- Required work -
Would you return each entry exactly as written, omitting any pictures?

*** Extracted material Section Begins ***

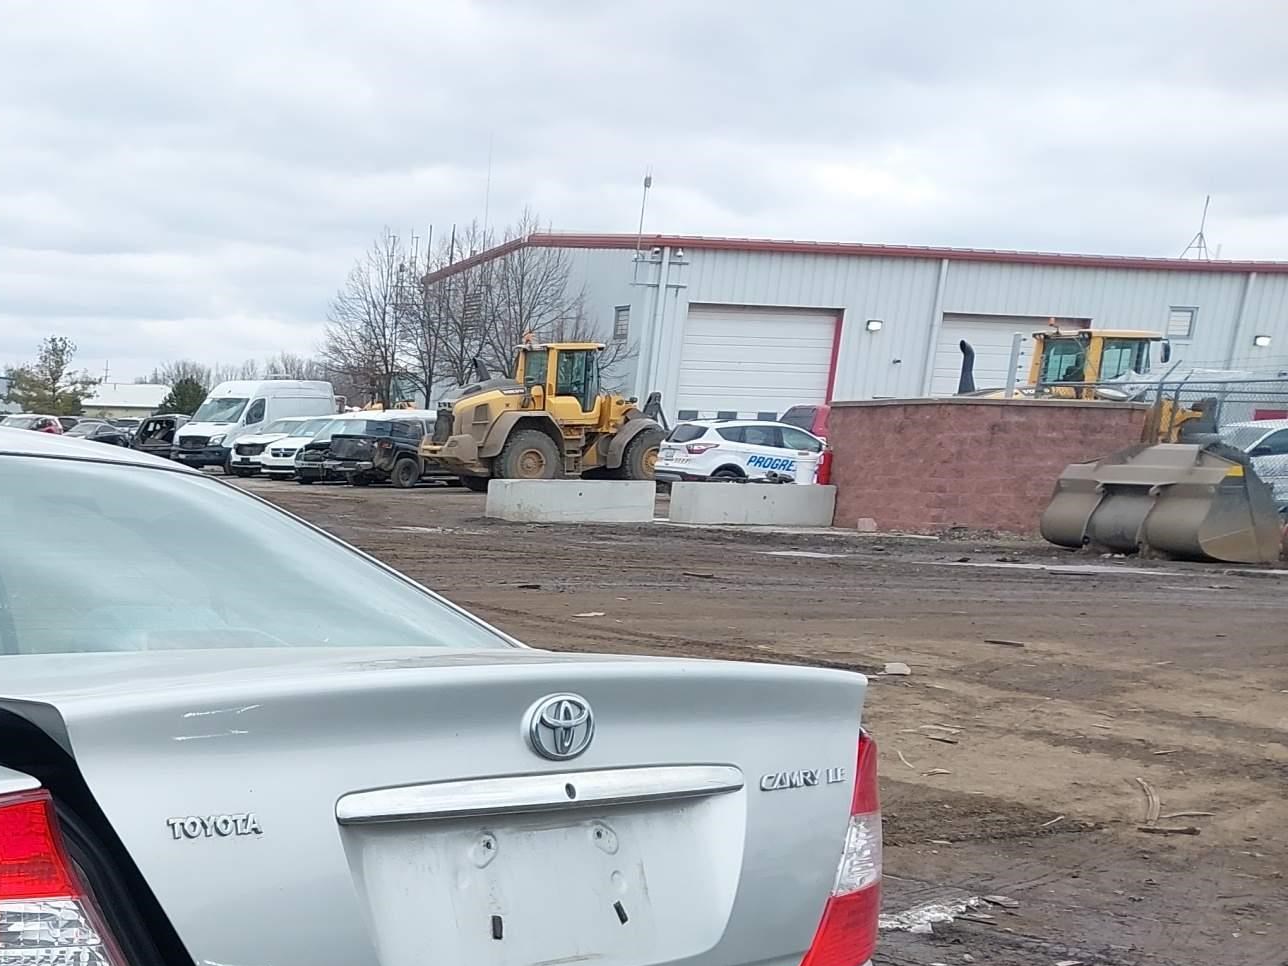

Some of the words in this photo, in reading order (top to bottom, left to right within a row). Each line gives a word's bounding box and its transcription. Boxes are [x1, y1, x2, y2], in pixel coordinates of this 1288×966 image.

[746, 455, 797, 472] PROGRE
[760, 769, 821, 791] CAMRY
[826, 767, 847, 784] LE
[166, 812, 263, 840] TOYOTA
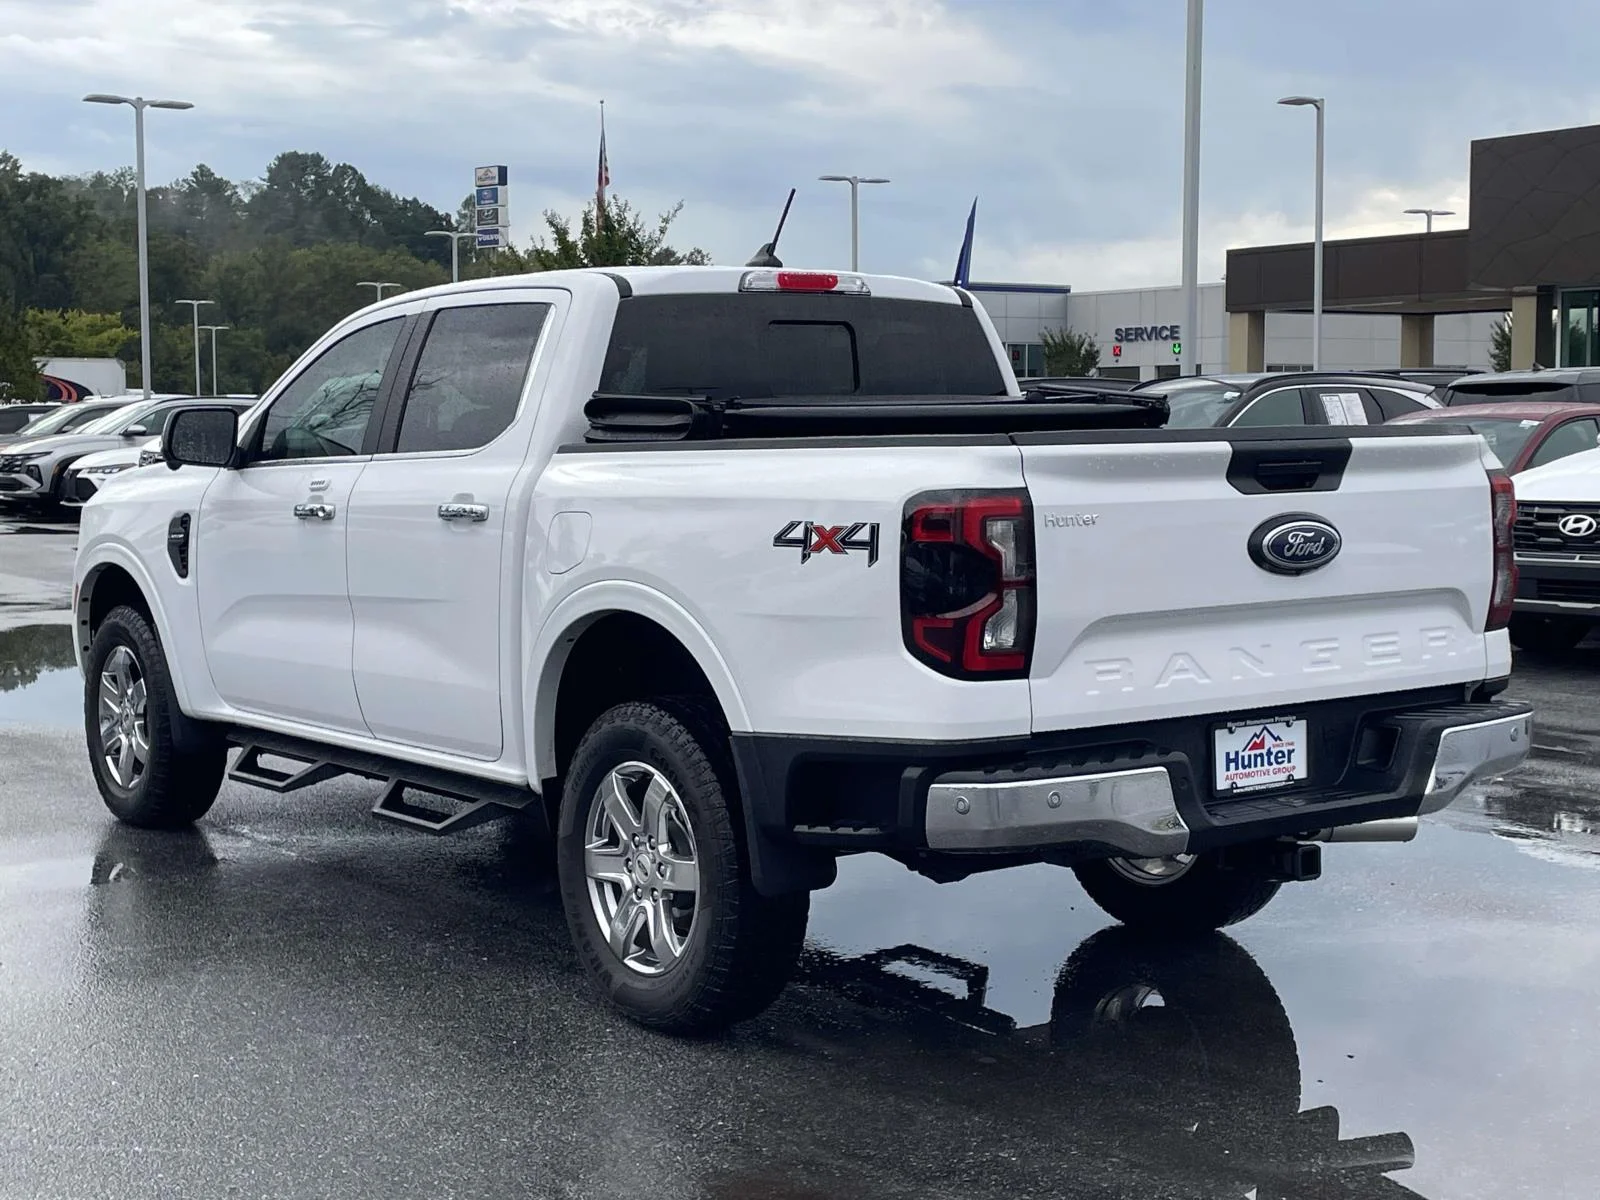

*** Extracted material Section Ends ***

- Output of the task -
Some of the words in this photo, in reading order (top to bottom, left to right within a row). Each line gives a word's bounding box and its transcription. Boxes are [x1, y1, x2, y2], in pixel coordinates of this 1288×966 image.

[746, 455, 797, 472] PROGRE
[760, 769, 821, 791] CAMRY
[826, 767, 847, 784] LE
[166, 812, 263, 840] TOYOTA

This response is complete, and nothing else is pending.